Sequential pattern mining finds applications in numerous diverging fields. Due to the problem's combinatorial nature, two main challenges arise. First, existing algorithms output large numbers of patterns many of which are uninteresting from a user's perspective. Second, as datasets grow, mining large number of patterns gets computationally expensive. There is, thus, a need for mining approaches that make it possible to focus the pattern search towards directions of interest. This work tackles this problem by combining interactive visualization with sequential pattern mining in order to create a "transparent box" execution model. We propose a novel approach to interactive visual sequence mining that allows the user to guide the execution of a pattern-growth algorithm at suitable points through a powerful visual interface. Our approach (1) introduces the possibility of using local constraints during the mining process, (2) allows stepwise visualization of patterns being mined, and (3) enables the user to steer the mining algorithm towards directions of interest. The use of local constraints significantly improves users' capability to progressively refine the search space without the need to restart computations. We exemplify our approach using two event sequence datasets; one composed of web page visits and another composed of individuals' activity sequences.

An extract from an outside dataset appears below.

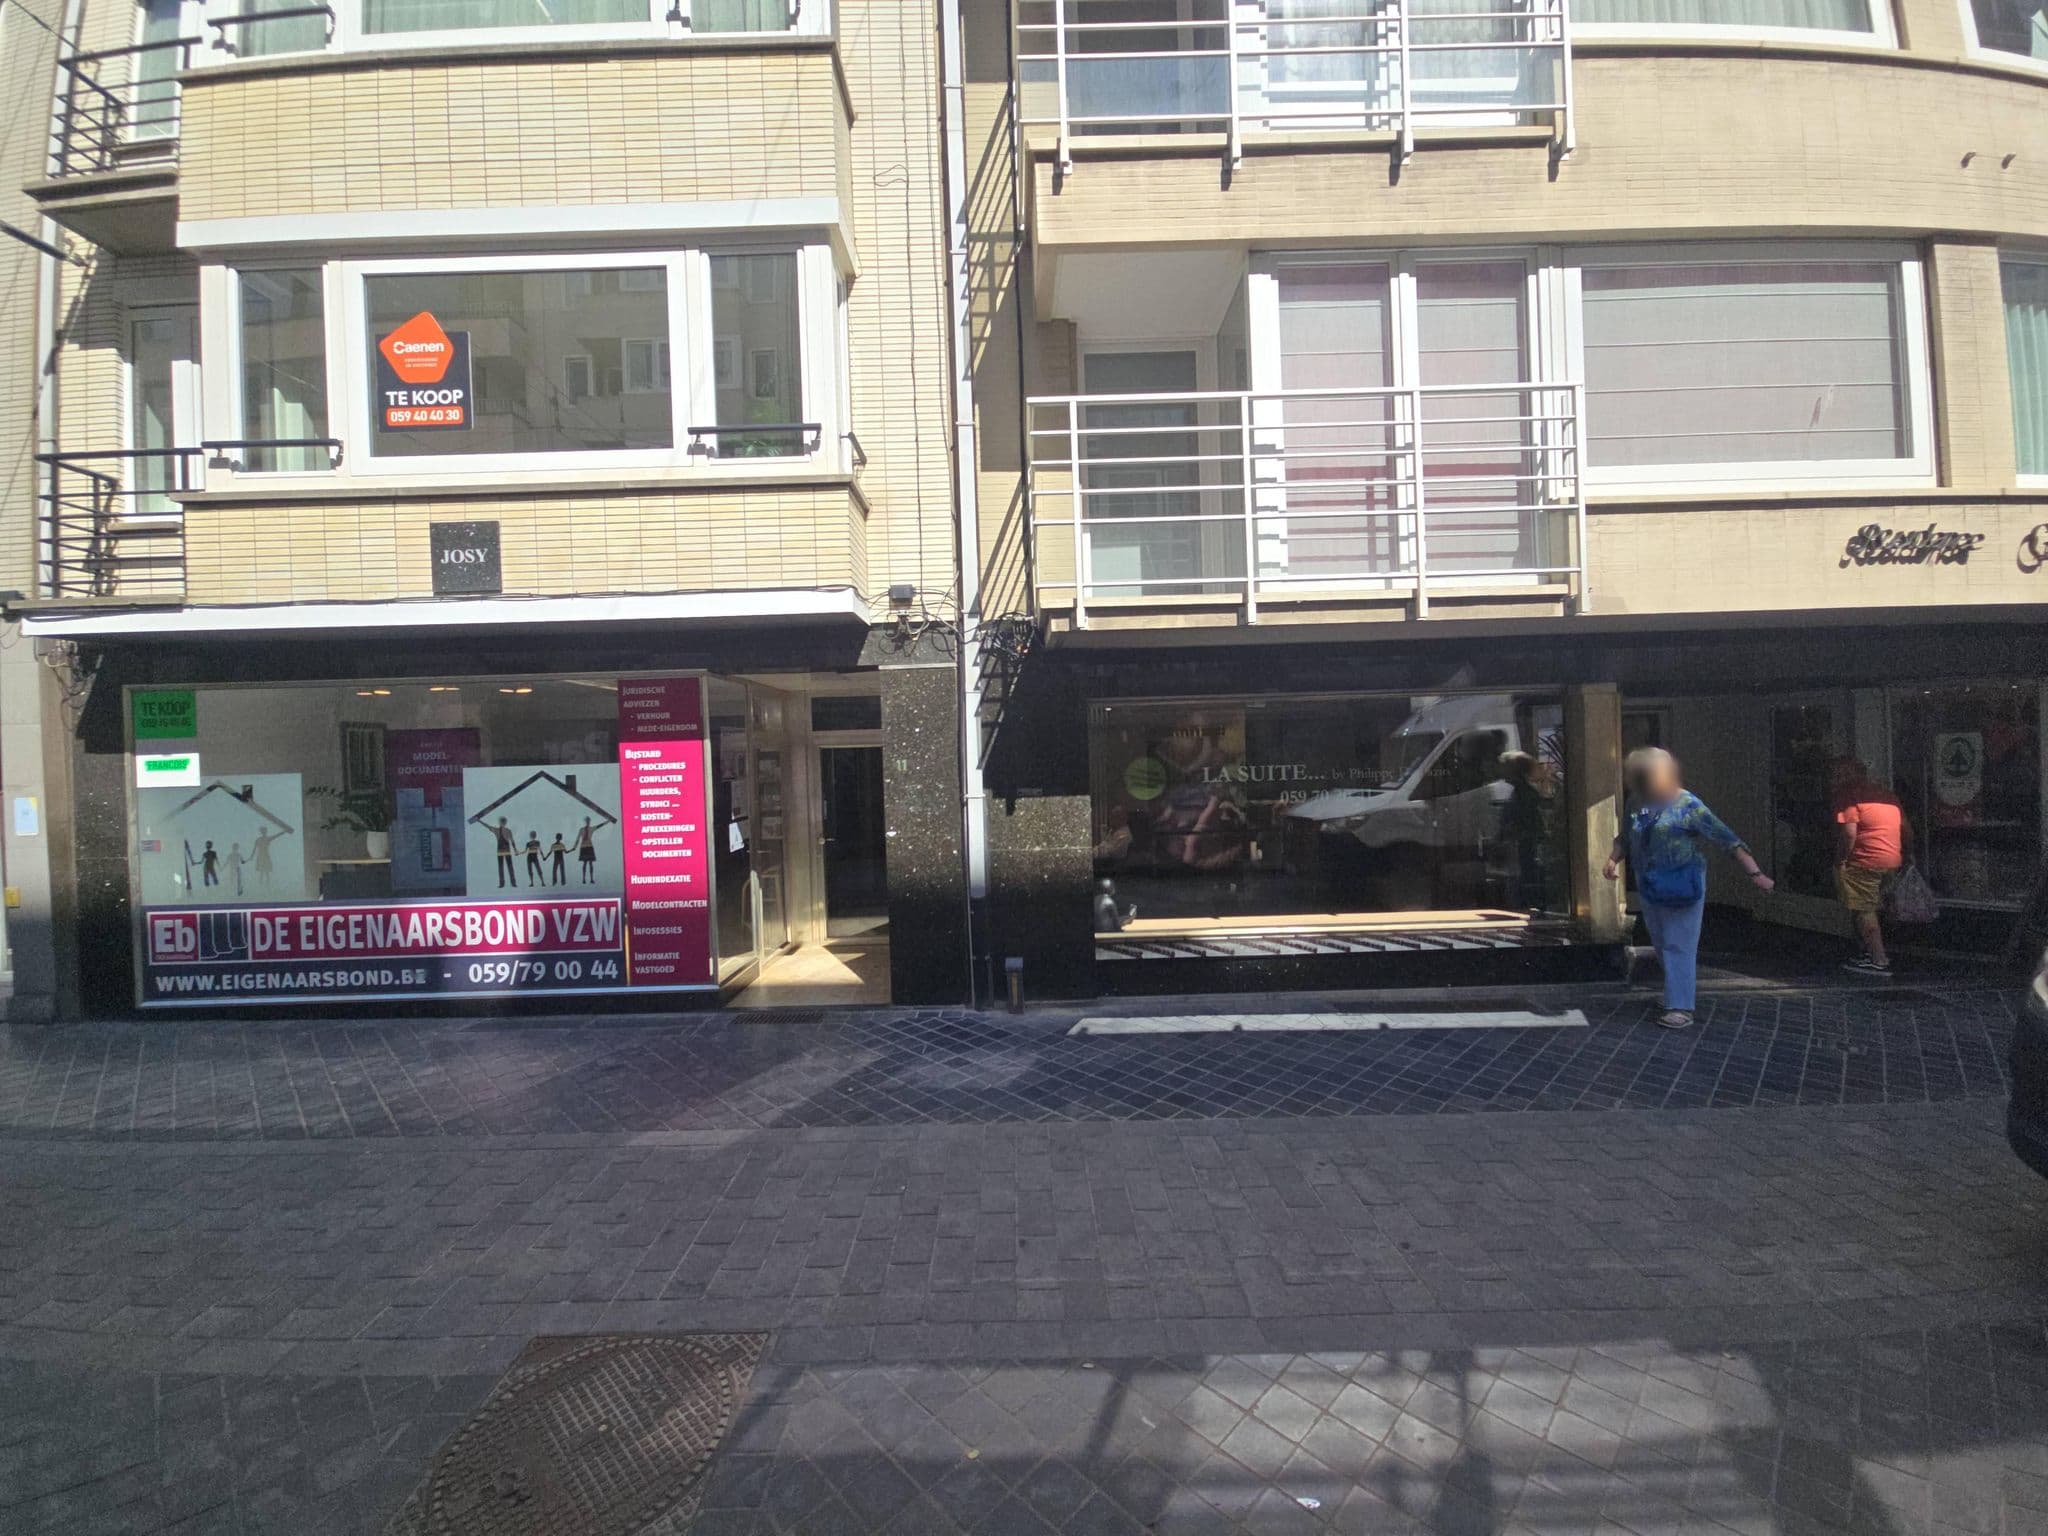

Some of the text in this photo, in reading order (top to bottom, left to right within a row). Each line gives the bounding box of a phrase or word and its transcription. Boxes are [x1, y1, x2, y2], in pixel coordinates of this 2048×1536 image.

序列模式挖掘在众多不同领域都有应用。由于该问题的组合性质,出现了两个主要挑战。首先,现有算法会输出大量模式,其中许多从用户角度来看并无意义。其次,随着数据集的增长,挖掘大量模式的计算成本会变得很高。因此,需要有挖掘方法,使模式搜索能够朝着感兴趣的方向进行。这项工作通过将交互式可视化与序列模式挖掘相结合来解决这个问题,以创建一个“透明盒”执行模型。我们提出了一种新颖的交互式可视序列挖掘方法,该方法允许用户通过强大的可视化界面在合适的点指导模式增长算法的执行。我们的方法(1)引入了在挖掘过程中使用局部约束的可能性,(2)允许对正在挖掘的模式进行逐步可视化,并且(3)使用户能够将挖掘算法导向感兴趣的方向。局部约束的使用显著提高了用户逐步优化搜索空间的能力,而无需重新启动计算。我们使用两个事件序列数据集对我们的方法进行了示例说明;一个由网页访问组成,另一个由个人活动序列组成。